Awkward Array is a library for nested, variable-sized data, including arbitrary-length lists, records, mixed types, and missing data, using NumPy-like idioms.

Arrays are dynamically typed, but operations on them are compiled and fast. Their behavior coincides with NumPy when array dimensions are regular and generalizes when they’re not.

The simplest use case I could think of was calculating residue centroids, which the team had previously optimized in various places including gh-1903. With the diff below, I do seem to produce reasonable results for the "benchmark script," but unfortunately performance isn't even close to as good as develop.

diff --git a/package/MDAnalysis/core/groups.py b/package/MDAnalysis/core/groups.py
index 097d4fa0b..f20354004 100644
--- a/package/MDAnalysis/core/groups.py
+++ b/package/MDAnalysis/core/groups.py
@@ -90,6 +90,7 @@ that two objects are of the same level, or to access a particular class::
 """
 from collections import namedtuple
 import numpy as np
+import awkward as ak
 import functools
 import itertools
 import numbers
@@ -1068,6 +1069,18 @@ class GroupBase(_MutableBase):
             weights = weights.astype(dtype, copy=False)
             return (coords * weights[:, None]).sum(axis=0) / weights.sum()

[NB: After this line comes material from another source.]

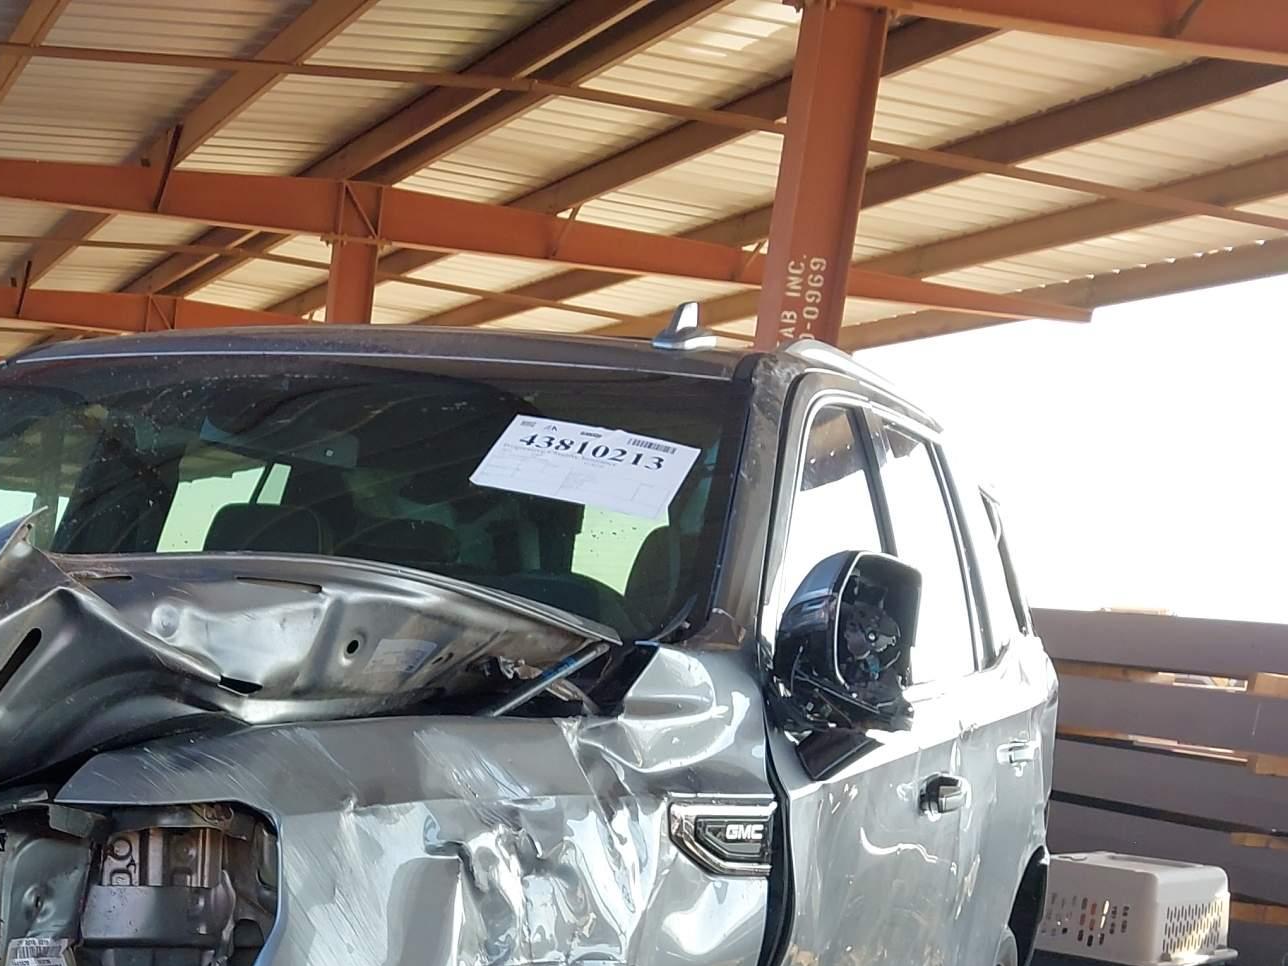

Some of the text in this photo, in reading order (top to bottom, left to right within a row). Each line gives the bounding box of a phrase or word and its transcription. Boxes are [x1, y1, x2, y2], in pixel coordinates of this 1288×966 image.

[777, 254, 807, 346] AB INC.
[519, 433, 665, 471] 43810213
[725, 823, 764, 840] GMC

+        if comp == "residues" and weights is None and not unwrap and not wrap:
+            # we're doing a bunch of work on jagged residue
+            # data structures, so use a library designed for
+            # exactly these kinds of data structures
+            split_locs = np.cumsum(np.unique(atoms.resindices,
+                                             return_counts=True)[1])[:-1]
+            split_arr = np.split(atoms.residues.atoms.positions,
+                                 split_locs)
+            awk_arr = ak.Array(split_arr)
+            centers = ak.mean(awk_arr, axis=1)
+            return ak.to_numpy(centers)
+
         # When compound split caching gets implemented it will be clever to
         # preempt at this point whether or not stable sorting will be needed
         # later for unwrap (so that we don't split now with non-stable sort,

and script:

import time

import MDAnalysis as mda
from MDAnalysis.tests.datafiles import PSF, DCD

u = mda.Universe(PSF, DCD)
atoms = u.atoms
print("num residues:", atoms.n_residues)

start = time.perf_counter()
residue_centers = atoms.centroid(compound="residues")
end = time.perf_counter()

assert residue_centers.shape[0] == len(u.residues)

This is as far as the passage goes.